When a financial services licensee or a credit licensee finds a compliance breach it needs to make a number of decisions including:
- what is the scope of the breach?
- what does it need to do to fix it?
- will it report the breach to ASIC? (for significant AFSL breaches there is a 10 business day time limit)
- does it need to compensate customers?
- what does it need to do to prevent it happening again?
- For Credit Act breaches, will it make a penalty application to a court?
In April we discussed ASIC’s response to BOQ’s report of a breach relating to a failure to link Mortgage Offset Accounts (MOA) to some eligible home loan accounts over a number of years.
BOQ agreed to appoint an independent expert to review its remediation processes to ensure that:
- all affected customers are identified and appropriately compensated, and
- BOQ’s compliance systems are adequate to prevent a similar error occurring in future.

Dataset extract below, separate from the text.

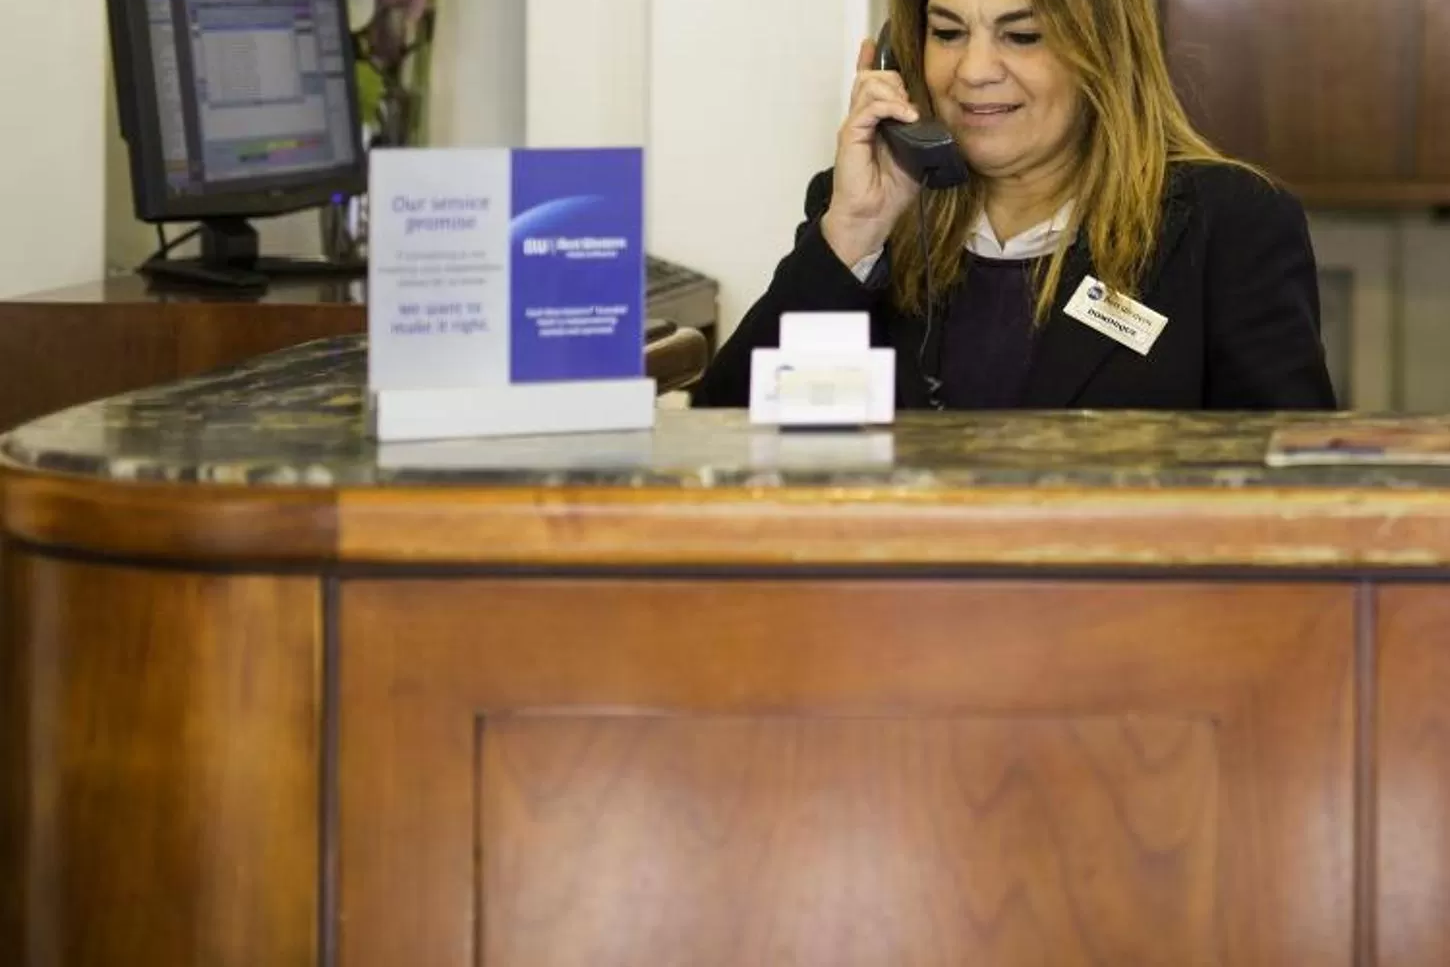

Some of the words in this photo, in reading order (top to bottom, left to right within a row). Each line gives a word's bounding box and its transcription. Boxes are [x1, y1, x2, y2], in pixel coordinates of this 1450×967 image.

BOQ has now announced that it has completed a comprehensive review of its products, processes and systems, identifying a number of legacy issues. The review has identified the incorrect application of interest rates and fees.
As a result of this review, BOQ will refund customers an estimated $34.5 million and incur additional remediation costs of $11.5 million.
BOQ said: “The problems have been caused by a number of issues, including overly complex products which required too many manual processes… Systems have also been put in place to ensure fees are being appropriately collected.”